Fearing another boycott in the 2021 Presidential elections, the Supreme Leader delivered a speech on February 17, calling on citizens to vote. “The more public participation in the elections, the more effects and benefits it will have for the state. Whenever we approach elections, the enemy starts [propaganda], saying, ‘there is no freedom, and the elections are engineered, to disperse the people from taking place in the elections,” said Khamenei.

“Of course, it would be a great victory if the people attended polls and precisely elect some efficient, faithful, and motivated individual. People’s participation and the election of a favorable individual are the remedies for the state’s ongoing pains,” Khamenei added, paving the path for appointing his desired candidate.

However, neither Khamenei nor his rivals can conceal the regime’s fragile conditions. The Supreme Leader mentioned the ‘state’s ongoing pains’ as the tip of the iceberg. He is aware of society’s hatred toward the government and its terrible performance during the past 42 years.

Former Deputy Interior Minister and a prominent member of the so-called reformist camp Mostafa Tajzadeh described the regime’s circumstances as a strategic impasse. He believes this impasse drives the government to another nationwide protest like gas protests in November 2019. Tajzadeh suggests a strategic decision to rescue the ruling system from “ongoing pains.” Reformists generally see the sole solution to their predicaments to be negotiations with the United States.

“Tajzadeh believes that we have to make a strategic decision as soon as possible before the repetition of an incident like the November 2019 and gas price hikes,” Etemad daily wrote on February 16.

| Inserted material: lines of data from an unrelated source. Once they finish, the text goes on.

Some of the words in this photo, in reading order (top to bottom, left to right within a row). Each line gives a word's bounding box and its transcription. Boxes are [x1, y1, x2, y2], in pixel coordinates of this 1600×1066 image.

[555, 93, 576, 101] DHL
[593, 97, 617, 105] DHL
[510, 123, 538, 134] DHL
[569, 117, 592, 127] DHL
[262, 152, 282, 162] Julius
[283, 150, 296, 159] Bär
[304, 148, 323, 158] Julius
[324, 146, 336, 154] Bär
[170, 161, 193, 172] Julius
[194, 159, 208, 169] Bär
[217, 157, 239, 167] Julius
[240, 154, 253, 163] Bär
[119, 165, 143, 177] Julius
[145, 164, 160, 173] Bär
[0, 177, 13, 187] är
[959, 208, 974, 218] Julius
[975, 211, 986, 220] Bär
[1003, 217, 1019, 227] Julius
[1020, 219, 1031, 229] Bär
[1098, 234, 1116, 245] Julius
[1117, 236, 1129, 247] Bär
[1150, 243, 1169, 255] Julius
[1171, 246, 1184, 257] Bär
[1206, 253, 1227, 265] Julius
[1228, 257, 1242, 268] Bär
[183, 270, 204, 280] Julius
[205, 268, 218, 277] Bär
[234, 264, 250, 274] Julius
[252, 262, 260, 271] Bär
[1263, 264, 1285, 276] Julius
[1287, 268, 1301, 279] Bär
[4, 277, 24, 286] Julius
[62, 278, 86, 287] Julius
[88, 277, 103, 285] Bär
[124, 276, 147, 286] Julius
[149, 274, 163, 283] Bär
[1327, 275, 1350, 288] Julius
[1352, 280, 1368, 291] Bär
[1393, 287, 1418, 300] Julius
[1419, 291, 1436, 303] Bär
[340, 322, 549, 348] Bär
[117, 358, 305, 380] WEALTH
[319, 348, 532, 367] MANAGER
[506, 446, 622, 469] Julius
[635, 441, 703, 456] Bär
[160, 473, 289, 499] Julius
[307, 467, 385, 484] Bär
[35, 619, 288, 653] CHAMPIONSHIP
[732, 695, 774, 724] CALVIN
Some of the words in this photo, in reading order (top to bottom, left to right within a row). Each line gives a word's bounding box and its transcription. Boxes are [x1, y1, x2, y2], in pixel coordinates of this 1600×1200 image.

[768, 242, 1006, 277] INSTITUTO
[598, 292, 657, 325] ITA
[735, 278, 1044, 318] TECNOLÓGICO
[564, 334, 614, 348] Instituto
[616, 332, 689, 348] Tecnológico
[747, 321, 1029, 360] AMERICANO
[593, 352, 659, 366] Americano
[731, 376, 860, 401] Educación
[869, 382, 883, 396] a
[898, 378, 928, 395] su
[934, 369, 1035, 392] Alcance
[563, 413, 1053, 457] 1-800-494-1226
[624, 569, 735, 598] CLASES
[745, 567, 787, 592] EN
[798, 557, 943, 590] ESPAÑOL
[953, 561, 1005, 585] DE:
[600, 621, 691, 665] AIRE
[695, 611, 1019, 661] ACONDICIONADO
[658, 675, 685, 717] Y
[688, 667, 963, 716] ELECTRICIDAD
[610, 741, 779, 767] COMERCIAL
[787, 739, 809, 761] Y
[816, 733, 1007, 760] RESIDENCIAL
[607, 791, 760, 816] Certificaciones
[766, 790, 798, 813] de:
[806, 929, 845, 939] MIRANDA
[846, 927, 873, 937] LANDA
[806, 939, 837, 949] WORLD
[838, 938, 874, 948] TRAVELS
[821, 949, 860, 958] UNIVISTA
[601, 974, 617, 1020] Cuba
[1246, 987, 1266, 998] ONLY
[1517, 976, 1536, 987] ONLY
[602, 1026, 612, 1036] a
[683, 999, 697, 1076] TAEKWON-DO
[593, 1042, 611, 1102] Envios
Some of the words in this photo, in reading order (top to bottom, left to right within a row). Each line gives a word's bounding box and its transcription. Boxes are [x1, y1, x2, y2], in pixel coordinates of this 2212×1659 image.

In reality, reformists pressure Khamenei to acquiesce to international pressure and launch another round of negotiations with the U.S. Instead, Khamenei realizes that new talks will severely jeopardize his supremacy, and he would not be able to control the volatile society and silence the demands of the people anymore.

In a nutshell, Khamenei prefers to endure more pressure and impose more restrictions and oppressive measures against citizens. However, this policy would have its own inevitable consequences, which would put more protests on the horizon.